How nuns changed the workforce (BBC)

The importance of nuns' labour has been downplayed for centuries, exemplifying the misconception that women's work is less valuable than that of their male counterparts

2LesMiserables
Modificato: Set 11, 2017, 8:36 pm

>1 John5918:

And?

The article is clearly written by someone who doesn't have a clue as to what the importance of particular positions within the RC Church are for.

To quote...

In the period following World War II, nuns accounted for 23.4% of the unmarried female population in Italy, and in 2010 there were more than 700,000 sisters worldwide. Rarely in the limelight, nuns have played an important role across the globe, particularly when it comes to service, education and care work.
This is in relative contrast to their male counterparts in the Catholic Church. There are far fewer monks worldwide, and they are more likely to be focused on contemplation, cutting themselves off from the world. Yet, the number of nuns to be beatified is about 10% of the total – mostly male – saints. Nuns are still excluded from the most venerated (and remunerated) echelons of the Catholic Church, and are classed in the Italian census in a different category to vicars, priests and bishops – all positions currently barred to women in the church hierarchy.


There is an obvious bent here to accuse Monks as being less useful. That is a dead giveaway that the author does not understand that the supernatural is more important than the natural.

There is also no mention of the cloistered nuns who do supernaturally vital work.

It seems in sum, that the author values the natural over the supernatural.

It is an article that is written from a spiritless base.

3John5918
Set 12, 2017, 1:17 am

I think the headline message that I took away from this piece is that nuns were able to do all sorts of tasks which women elsewhere in the world were usually excluded from. In that sense (ironically given the church's patriarchal base) it was a step in the emancipation of women, a step which often goes unrecognised.

4Guanhumara
Set 14, 2017, 4:32 pm

>3 John5918: I would agree with that interpretation. When I was studying the changes that the Reformation brought to the lives of women, it struck me how disempowering the loss of the option of the religious life was. The abbess of a great House could be a major power in the land, with immense authority, both moral and political. After the Reformation, a woman's status was determined purely by whose wife or daughter she was.

5John5918
Modificato: Set 15, 2017, 1:01 am

>4 Guanhumara:

Yes, I always think of Hild of Whitby in that regard. Hildegard of Bingen and Julian of Norwich are also outstanding figures for me.

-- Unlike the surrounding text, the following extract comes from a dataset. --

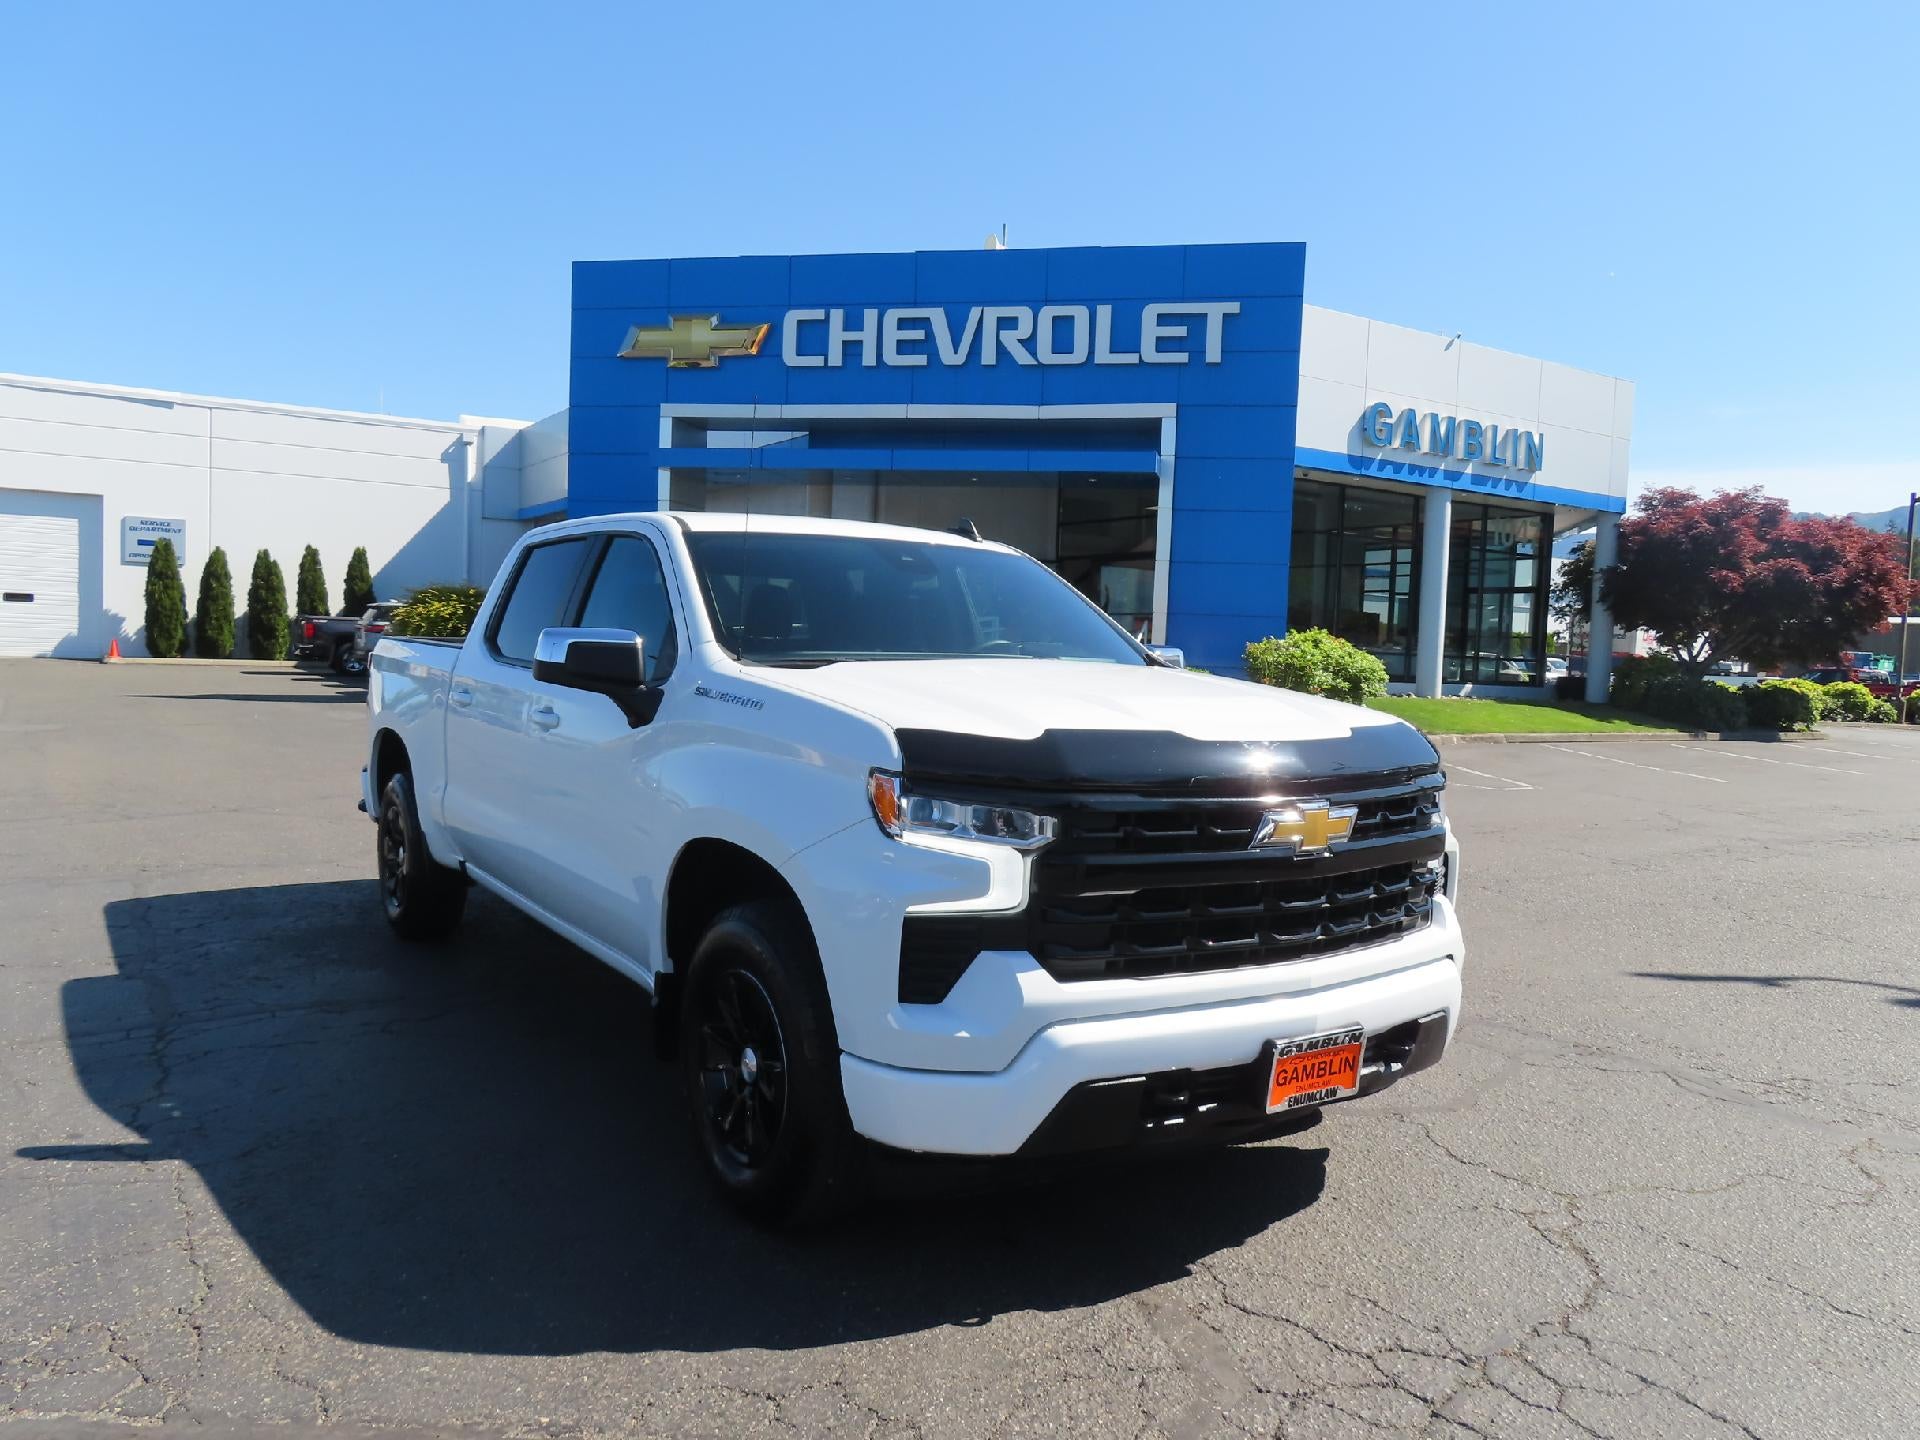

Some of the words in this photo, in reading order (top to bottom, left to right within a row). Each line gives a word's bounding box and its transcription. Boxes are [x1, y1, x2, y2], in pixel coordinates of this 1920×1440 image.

However even in the more modern era, post-Reformation, well into the 19th century and maybe beyond, while nuns did not have the huge influence of those earlier figures, I would say that being a nun opened up areas of work and responsibility which were not available to most ordinary women.

6margd
Set 16, 2017, 8:59 am

In the bad old days, nuns were spared the risks of childbearing and lived longer than other women: so many stories back then about men on their second, third, etc. marriages and ubiquitous stepmothers! In addition, probably a lot less TB, etc., in a well-run convent? Nuns thus had more years than contemporary laywomen to think/pray, work, and lead?

7Guanhumara
Set 16, 2017, 9:41 am

>6 margd: Not to mention societal expectations: both my mother and my grandmother were forced by their employers to leave their jobs upon marriage (despite the fact that both were better qualified academically than their husbands!)

I doubt that the TB risk is lower, though. Many orders interpret their vow of poverty as requiring them to live amongst the poor of their community, and the nursing and social work many engage in would increase their risk.

8Guanhumara
Set 16, 2017, 9:48 am

>5 John5918: Again I agree: you have named three women I admire immensely. And yes, even in the 20th century it was still true.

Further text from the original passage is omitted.